**The task**
Print the records below word for word, but leave out the pictures.
Segment Open
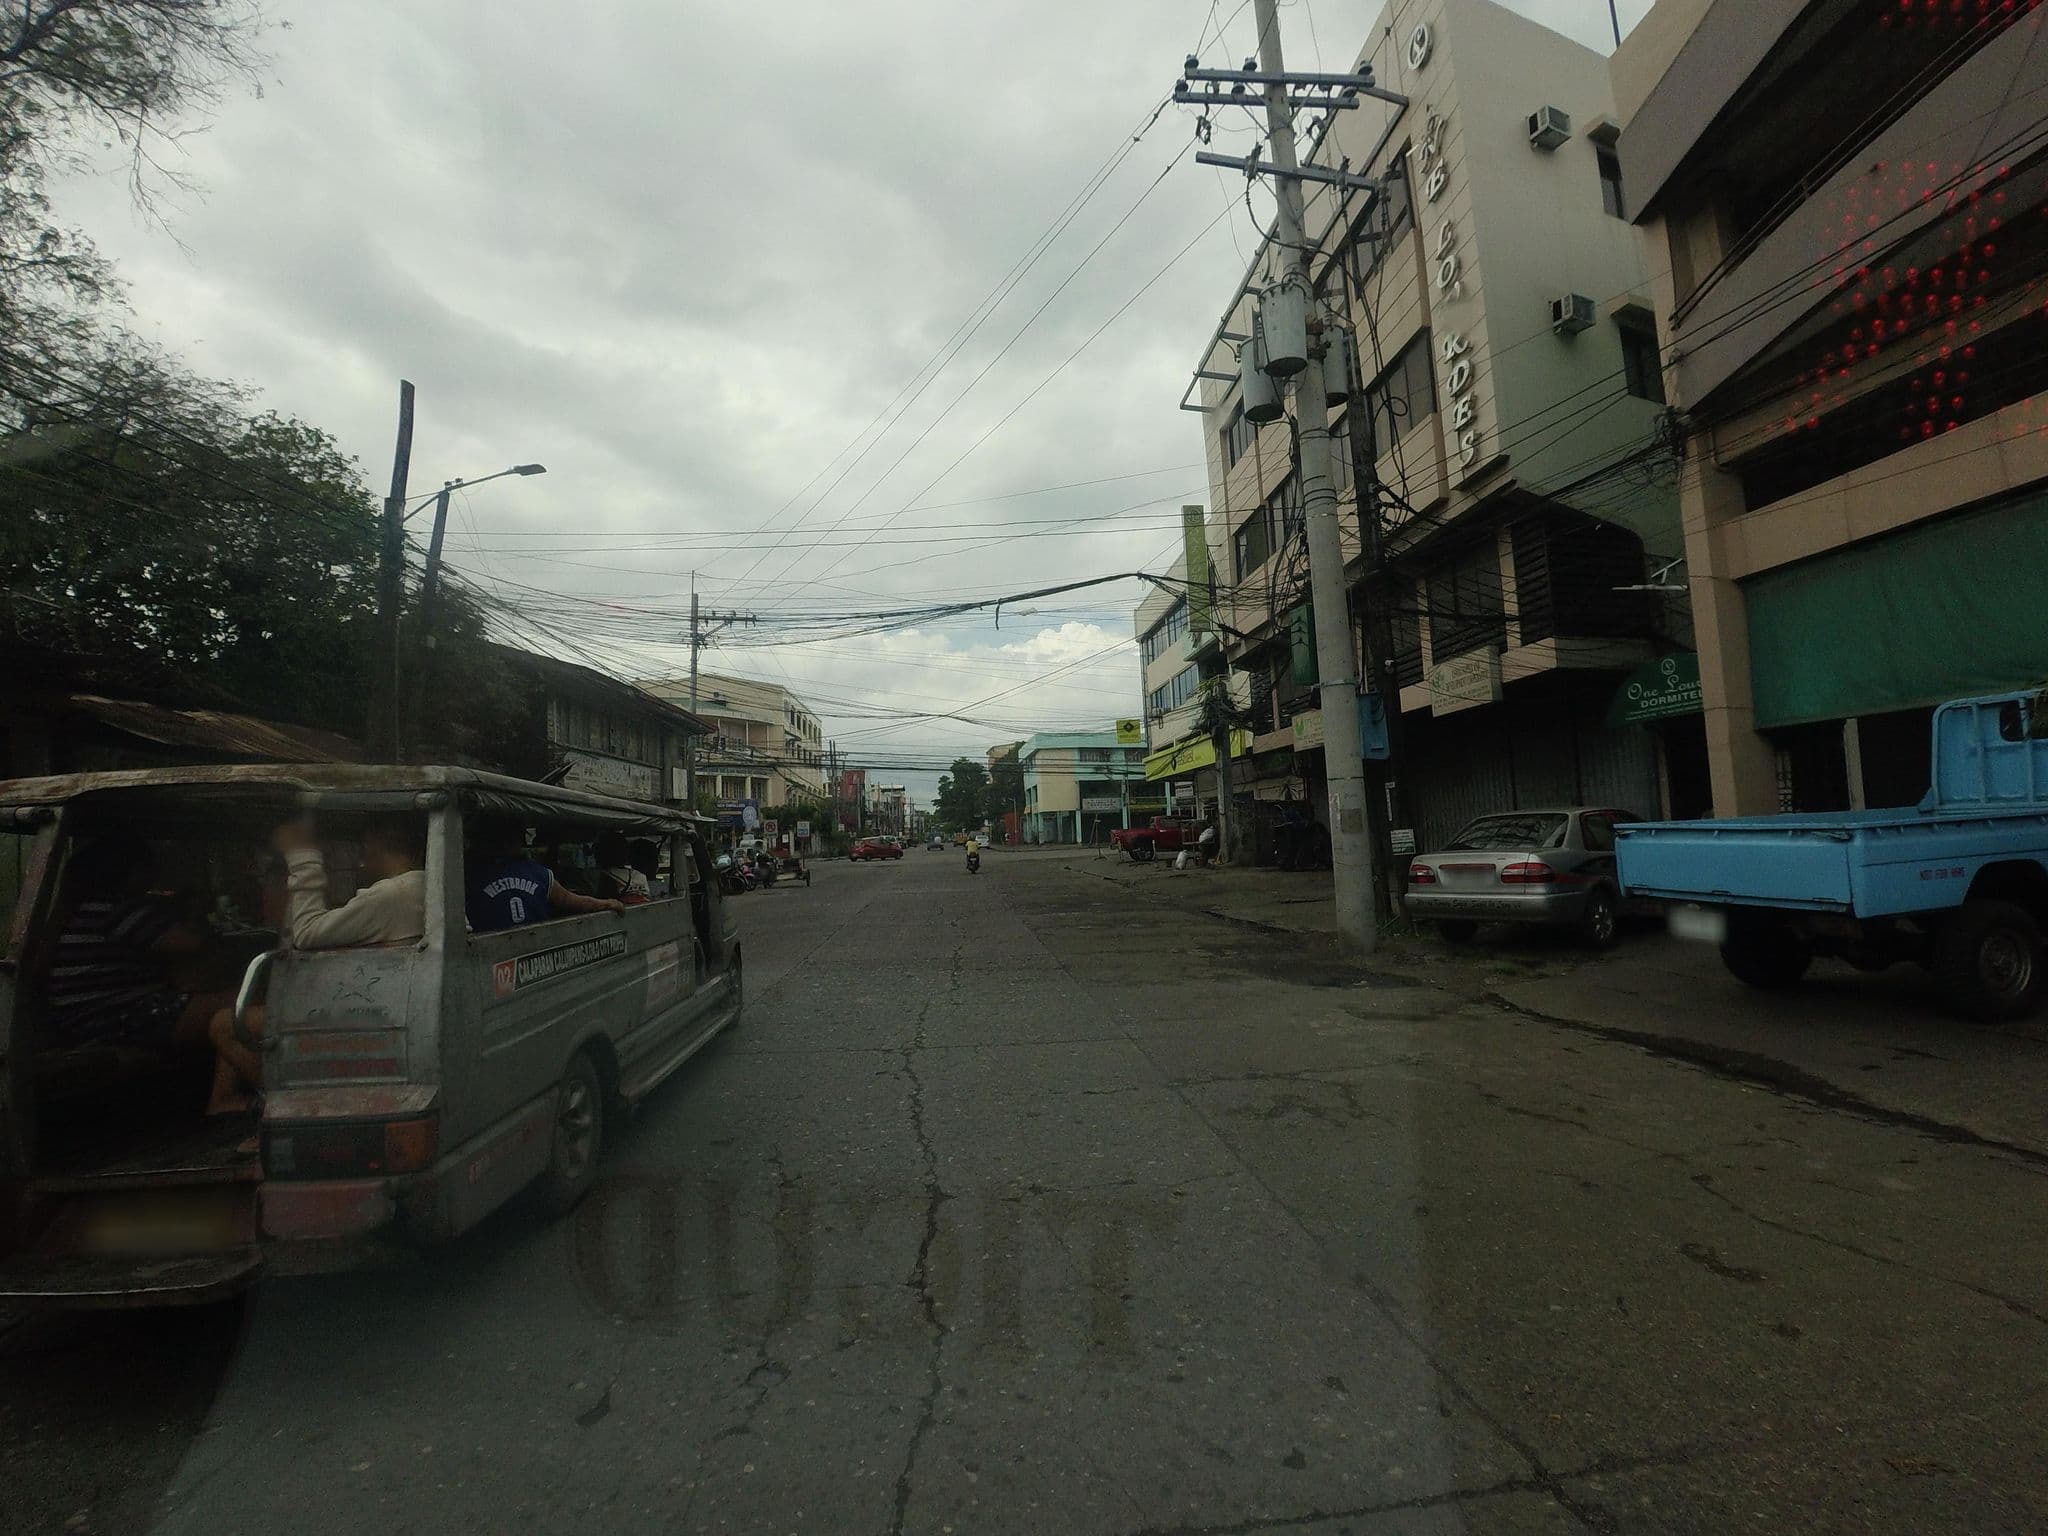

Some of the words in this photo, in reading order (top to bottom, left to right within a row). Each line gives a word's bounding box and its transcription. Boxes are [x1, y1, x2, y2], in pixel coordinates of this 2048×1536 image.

[1435, 219, 1475, 467] LORDES
[1628, 682, 1659, 700] One
[483, 877, 539, 899] WESTBROOK
[509, 896, 526, 923] 0
Segment Closed
**Answer section**
Some of the words in this photo, in reading order (top to bottom, left to right within a row). Each line gives a word's bounding box and its transcription. Boxes are [x1, y1, x2, y2], in pixel coordinates of this 2048×1536 image.

[1435, 219, 1475, 467] LORDES
[1628, 682, 1659, 700] One
[483, 877, 539, 899] WESTBROOK
[509, 896, 526, 923] 0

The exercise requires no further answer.